Como bem observa Andrea Gagliarducci em seu último artigo no blog MondayVatican, não se trata meramente de tecnicalidades jurídicas, mas “estamos diante de uma verdadeira crise de identidade institucional”. Se os próprios tribunais vaticanos não interpretam a Santa Sé segundo sua lógica canônica, como pode a justiça ser propriamente administrada? A Santa Sé corre o risco de deixar de ser o coração da clareza moral para se tornar um labirinto jurídico.
O caso do Cardeal Becciu aprofunda ainda mais o abismo existente. Que o IOR, instituição pontifícia, processe a Secretaria de Estado, braço governativo do Papa, por uso indevido de fundos destinados ao próprio Papa, transcende a ironia. É quase uma heresia. Em termos de direito canônico, o Papa é a pessoa jurídica da Santa Sé; processar a si mesmo é um gesto digno de Kafka. Não se trata de pormenorizar a atuação do Cardeal Becciu como Substituto da Secretaria de Estado no famoso caso do investimento falido em uma propriedade de luxo em Londres, mas de garantir que ele seja processado e julgado sem arbitrariedades jurídicas.
A tudo isso se soma o fato de o mesmo Promotor de Justiça do Vaticano — Alessandro Diddi — atuar tanto na primeira instância quanto na apelação, contrariando os princípios mais elementares de imparcialidade processual. Os escândalos de escutas telefônicas, a disputa dos fundos de aposentadoria em Malta e a derrota jurídica em Londres revelam um judiciário vaticano tateando nas sombras à procura de coerência.
Vale lembrar: o Papa Francisco prometera transparência e responsabilidade.
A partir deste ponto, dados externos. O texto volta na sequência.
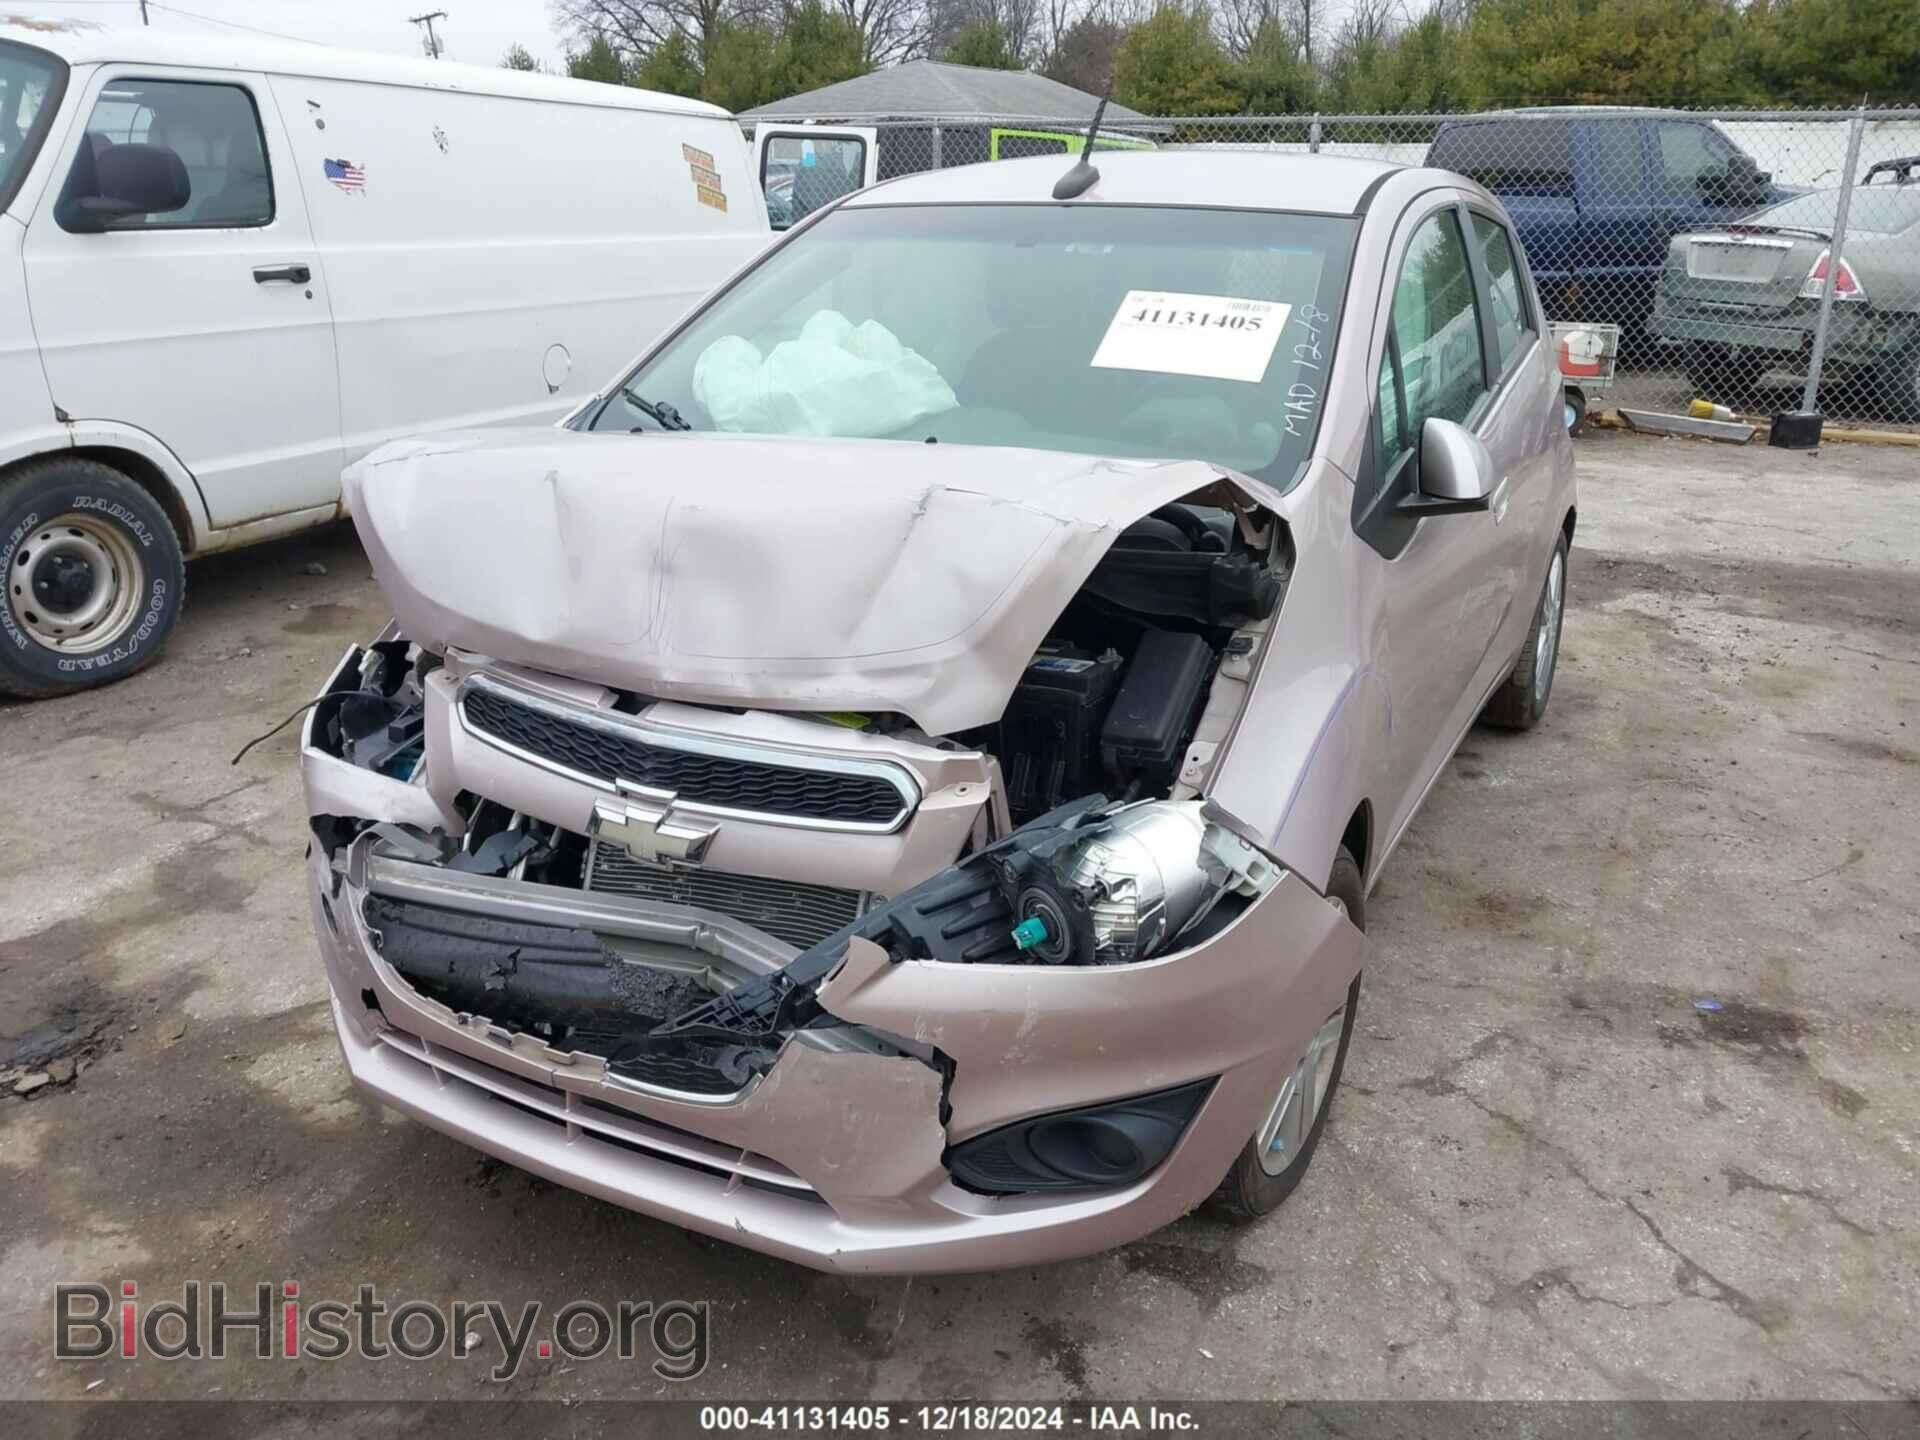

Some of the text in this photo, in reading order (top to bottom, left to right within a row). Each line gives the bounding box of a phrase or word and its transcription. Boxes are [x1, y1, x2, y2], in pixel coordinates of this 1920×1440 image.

[1132, 308, 1264, 332] 41131405
[1284, 304, 1329, 436] MAD 12-18
[72, 496, 154, 546] RADIAL
[58, 578, 165, 670] GOODYEAR
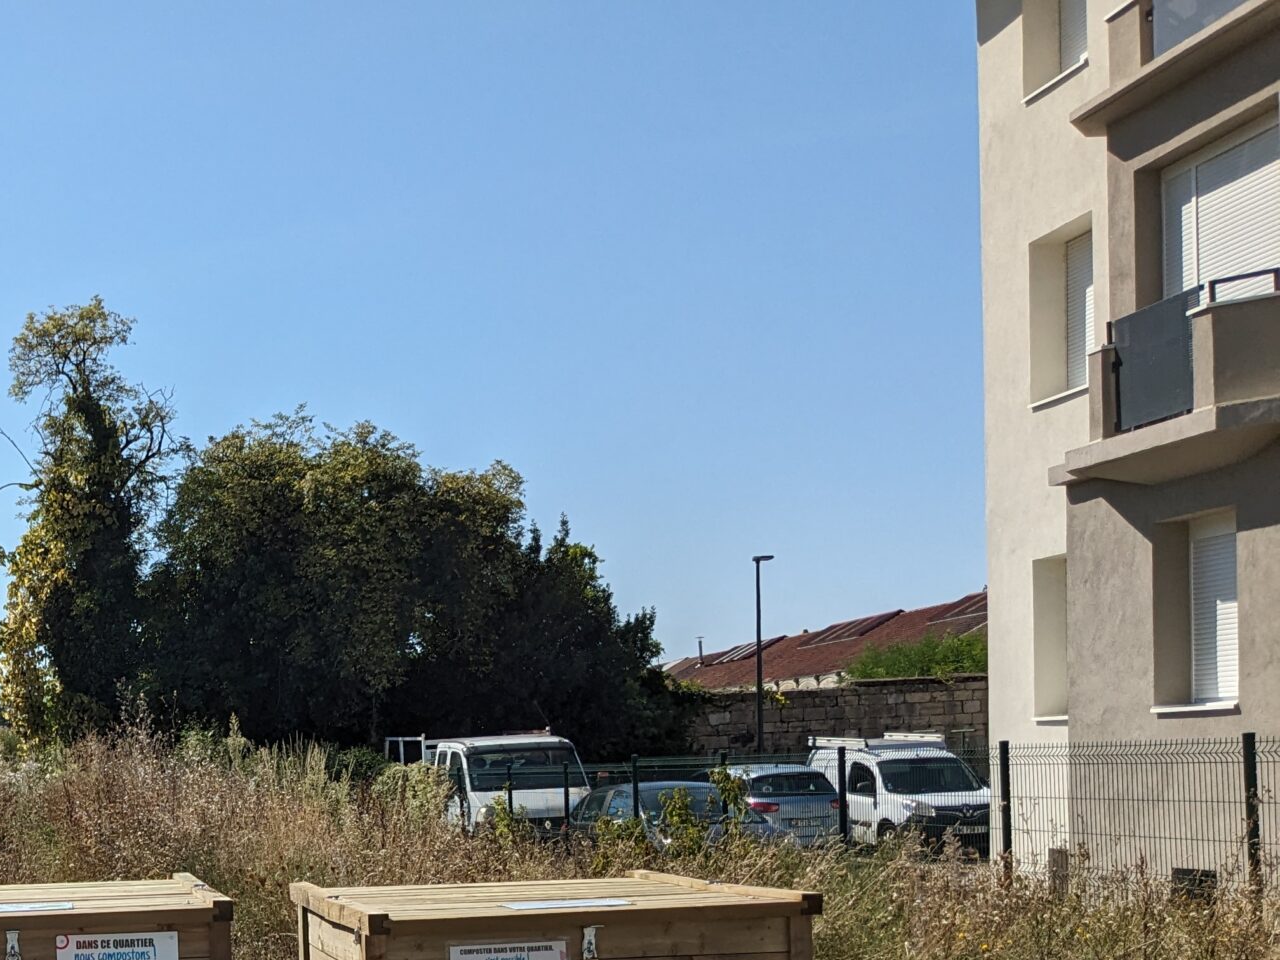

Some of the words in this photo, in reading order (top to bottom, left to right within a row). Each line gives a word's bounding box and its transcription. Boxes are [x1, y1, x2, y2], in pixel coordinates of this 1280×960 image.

[76, 939, 99, 950] DANS
[101, 939, 111, 949] CE
[460, 947, 492, 956] COMPOSTER
No entanto, os mecanismos erigidos para concretizar tais ideais — tribunais especiais, processos inéditos, reformas financeiras abrangentes, mudanças na Lei Fundamental do Estado Cidade do Vaticano — parecem hoje ter gerado mais confusão jurídica do que clareza institucional.
E é nesse cenário que entra Leão XIV, um religioso de formação jurídica, versado na ciência precisa do Direito Canônico. Cabe-lhe restaurar a credibilidade de um sistema judicial que perdeu não apenas funcionalidade, mas sua essência. Contudo, como desembaraçar um sistema em que o acusador é também juiz, em que os órgãos do Estado são negados como tal, e em que os recursos ecoam contradições em vez de correções?
As reformas exigidas são vastas: um judiciário independente dentro do arcabouço da Santa Sé, uma redefinição de jurisdição entre o Estado da Cidade do Vaticano e a Igreja universal e, talvez o mais delicado, uma renovação geracional nas instâncias jurídicas. Esta última pode provar-se a mais árdua, já que os rostos por trás desses processos não parecem ser facilmente substituíveis.
A tentação de suspender os recursos ainda não iniciados, deixando a poeira assentar antes de reconstruir os alicerces, é real. E talvez Leão XIV assim proceda, com a prudência de um canonista que sabe que a jurisprudência não se escreve apenas em pergaminhos, mas com decisões.
Mas não se escapa à ironia final. Em uma Igreja governada não por parlamentos, mas por sucessores de Pedro, onde a justiça deveria espelhar o divino, estamos agora discutindo escutas telefônicas, sequestros de ativos e recursos interpostos pela mesma mão que expediu a sentença original.
Sim, Leão XIV é um homem do direito. Todavia, precisará não apenas de todo seu saber canônico, como também de uma graça especial para endireitar este edifício torto. Oxalá tenha tempo suficiente no Trono de Pedro para dar um novo rumo às coisas. Felizmente, seu pontificado promete ser longo.